There has been some controversy regarding the specificity of 8-iso-PGF2α as a marker of oxidative stress because of possible enzymatic production of 8-iso-PGF2α by cyclooxygenase (COX). This was based on data from Pratico and associates, who found that in vitro COX inhibition of human platelets reduced the amount of 8-iso-PGF2α in culture media (Pratico et al., 1995). However, this has been refuted in several other in vivo studies (Bachi et al., 1997; Belton et al., 2000; Pratico et al., 1998).
Even though the sensitivity of the assay is good on low pg/mL levels (the detection limit was 8 pg/mL; Basu, 1998), our initial pilot experiments showed that we needed to pool MD samples to obtain the volume needed to analyze 8-iso-PGF2α. This is because of the routine measurement of other MD biomarkers (glucose, lactate, pyruvate, glutamate, glycerol, and urea), leaving a small remaining hourly sample for the isoprostane assay. We therefore decided on a feasibility study design with pooling of 12 hourly MD fractions to be on the safe side (allowing for repeated analyses if needed), resulting in poor temporal resolution. An optimized study design allows for quantification of 8-iso-PGF2α in MD fluid with a temporal resolution of 2 h in our follow-up study, which we believe is relevant for this biomarker in the neurointensive care setting.
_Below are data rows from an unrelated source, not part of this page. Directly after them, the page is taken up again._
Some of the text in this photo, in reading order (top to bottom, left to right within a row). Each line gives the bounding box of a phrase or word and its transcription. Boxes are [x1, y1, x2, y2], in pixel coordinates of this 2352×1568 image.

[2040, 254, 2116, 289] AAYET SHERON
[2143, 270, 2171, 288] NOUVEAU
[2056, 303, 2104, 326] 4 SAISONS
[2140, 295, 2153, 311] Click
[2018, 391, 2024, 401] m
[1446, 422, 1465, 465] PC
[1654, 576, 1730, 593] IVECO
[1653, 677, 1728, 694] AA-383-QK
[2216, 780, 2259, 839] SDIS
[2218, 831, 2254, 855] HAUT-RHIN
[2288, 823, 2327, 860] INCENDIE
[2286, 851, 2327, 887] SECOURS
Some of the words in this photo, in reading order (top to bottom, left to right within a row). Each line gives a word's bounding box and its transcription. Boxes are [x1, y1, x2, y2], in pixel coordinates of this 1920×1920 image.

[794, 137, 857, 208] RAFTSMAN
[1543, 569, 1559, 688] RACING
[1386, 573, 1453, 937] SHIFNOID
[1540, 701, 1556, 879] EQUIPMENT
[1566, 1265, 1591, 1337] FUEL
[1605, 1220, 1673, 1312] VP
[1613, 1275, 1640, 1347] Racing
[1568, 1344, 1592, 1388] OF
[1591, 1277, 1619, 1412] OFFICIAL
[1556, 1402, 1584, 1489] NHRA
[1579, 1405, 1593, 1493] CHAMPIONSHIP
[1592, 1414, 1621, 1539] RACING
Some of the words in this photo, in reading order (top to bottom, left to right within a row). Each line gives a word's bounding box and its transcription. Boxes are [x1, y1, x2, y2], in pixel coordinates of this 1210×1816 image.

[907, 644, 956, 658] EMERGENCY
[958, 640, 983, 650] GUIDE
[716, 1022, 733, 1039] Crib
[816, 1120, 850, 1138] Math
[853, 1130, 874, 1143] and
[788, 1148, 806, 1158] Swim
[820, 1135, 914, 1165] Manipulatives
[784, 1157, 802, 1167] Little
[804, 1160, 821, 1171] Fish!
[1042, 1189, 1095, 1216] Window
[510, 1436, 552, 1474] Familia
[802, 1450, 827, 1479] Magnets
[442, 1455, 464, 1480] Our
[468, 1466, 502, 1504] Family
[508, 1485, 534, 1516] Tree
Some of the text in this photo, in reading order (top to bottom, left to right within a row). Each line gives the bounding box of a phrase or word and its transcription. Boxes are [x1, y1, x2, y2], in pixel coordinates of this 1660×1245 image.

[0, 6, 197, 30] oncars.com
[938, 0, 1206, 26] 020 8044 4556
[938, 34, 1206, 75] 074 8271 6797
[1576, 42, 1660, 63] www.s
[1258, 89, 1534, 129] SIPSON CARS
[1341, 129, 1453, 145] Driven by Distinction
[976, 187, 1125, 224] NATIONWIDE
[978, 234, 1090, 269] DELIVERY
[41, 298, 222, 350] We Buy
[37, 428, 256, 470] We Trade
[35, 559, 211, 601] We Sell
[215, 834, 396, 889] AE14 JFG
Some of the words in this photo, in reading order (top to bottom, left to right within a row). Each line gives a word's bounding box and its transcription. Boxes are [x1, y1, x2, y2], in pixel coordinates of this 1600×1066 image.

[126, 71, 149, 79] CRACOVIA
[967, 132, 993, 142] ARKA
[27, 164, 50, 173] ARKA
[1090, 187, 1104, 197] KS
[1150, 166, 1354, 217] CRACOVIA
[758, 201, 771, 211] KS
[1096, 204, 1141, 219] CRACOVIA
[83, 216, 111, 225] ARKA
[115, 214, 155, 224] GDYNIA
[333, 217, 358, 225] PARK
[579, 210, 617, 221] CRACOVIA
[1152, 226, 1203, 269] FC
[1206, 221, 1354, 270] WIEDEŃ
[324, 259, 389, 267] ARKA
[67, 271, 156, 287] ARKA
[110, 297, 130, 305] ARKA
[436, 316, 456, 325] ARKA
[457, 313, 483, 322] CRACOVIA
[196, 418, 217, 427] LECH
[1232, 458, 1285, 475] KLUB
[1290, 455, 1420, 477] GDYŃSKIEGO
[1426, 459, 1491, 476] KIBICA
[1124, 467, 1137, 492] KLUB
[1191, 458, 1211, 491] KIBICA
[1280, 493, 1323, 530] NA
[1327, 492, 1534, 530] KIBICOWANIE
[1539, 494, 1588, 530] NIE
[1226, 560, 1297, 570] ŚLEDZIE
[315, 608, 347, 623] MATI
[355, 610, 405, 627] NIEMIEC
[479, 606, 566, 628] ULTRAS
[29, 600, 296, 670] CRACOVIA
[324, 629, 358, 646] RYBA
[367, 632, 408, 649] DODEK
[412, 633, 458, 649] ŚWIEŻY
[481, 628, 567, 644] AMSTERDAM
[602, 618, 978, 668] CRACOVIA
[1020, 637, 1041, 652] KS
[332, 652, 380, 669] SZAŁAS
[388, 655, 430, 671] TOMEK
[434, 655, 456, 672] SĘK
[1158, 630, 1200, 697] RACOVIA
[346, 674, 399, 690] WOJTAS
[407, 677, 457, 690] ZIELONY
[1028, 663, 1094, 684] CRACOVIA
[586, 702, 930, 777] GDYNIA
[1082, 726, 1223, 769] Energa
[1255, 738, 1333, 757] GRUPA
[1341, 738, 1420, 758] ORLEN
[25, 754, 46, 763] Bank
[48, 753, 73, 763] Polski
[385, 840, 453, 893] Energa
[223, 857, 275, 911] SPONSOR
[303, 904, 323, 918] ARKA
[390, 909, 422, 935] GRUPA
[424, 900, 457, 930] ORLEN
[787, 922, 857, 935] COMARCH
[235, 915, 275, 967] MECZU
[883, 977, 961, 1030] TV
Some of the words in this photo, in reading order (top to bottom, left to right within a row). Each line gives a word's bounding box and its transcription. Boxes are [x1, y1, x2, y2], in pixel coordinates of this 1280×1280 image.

The implantation of an MD probe/catheter causes a brief rise in metabolite levels, including glutamate and lactate. However, our own and other studies have shown that this effect dissipates after less than an hour (Hillered et al., 1990; Nilsson et al., 1990; Sumbria et al., 2010), suggesting that it should have no impact on our data with MD sampling commencing≥2 h following implantation.
The data shed light on the interpretation of MD biomarkers currently used extensively in neuro-ICU settings around the world. The data supporting MD-glycerol as a useful marker of oxidative stress appear particularly intriguing. Thus, MD-8-iso-PGF2α and MD-glycerol in combination may prove to be useful as biomarkers of oxidative stress in the neuro-ICU setting, both as monitoring tools and as surrogate end-points in neuroprotective drug development.
Conclusions
This study demonstrates the feasibility of analyzing 8-iso-PGF2α in MD samples from the human brain following TBI. The highest concentrations of 8-iso-PGF2α were found in MD samples, compared to vCSF and blood, suggesting that the interstitial compartment is the preferred site for harvesting this biomarker. Our results support a close relationship between excitotoxicity and oxidative stress following human TBI, and that MD-8-iso-PGF2α in combination with MD-glycerol may be useful biomarkers of oxidative stress in the neuro-ICU setting.
Footnotes
Acknowledgments
The authors would like to thank Mrs. Inger Ståhl-Myllyaho and Eva Sejby for analyzing the samples, and Dr. Lars Berglund for statistical consultation.
This study was supported by the Swedish Research Council, the Swedish Brain Foundation, Uppsala University Hospital, the Selander Foundation, and the Åhlén Foundation.
Author Disclosure Statement
No competing financial interests exist.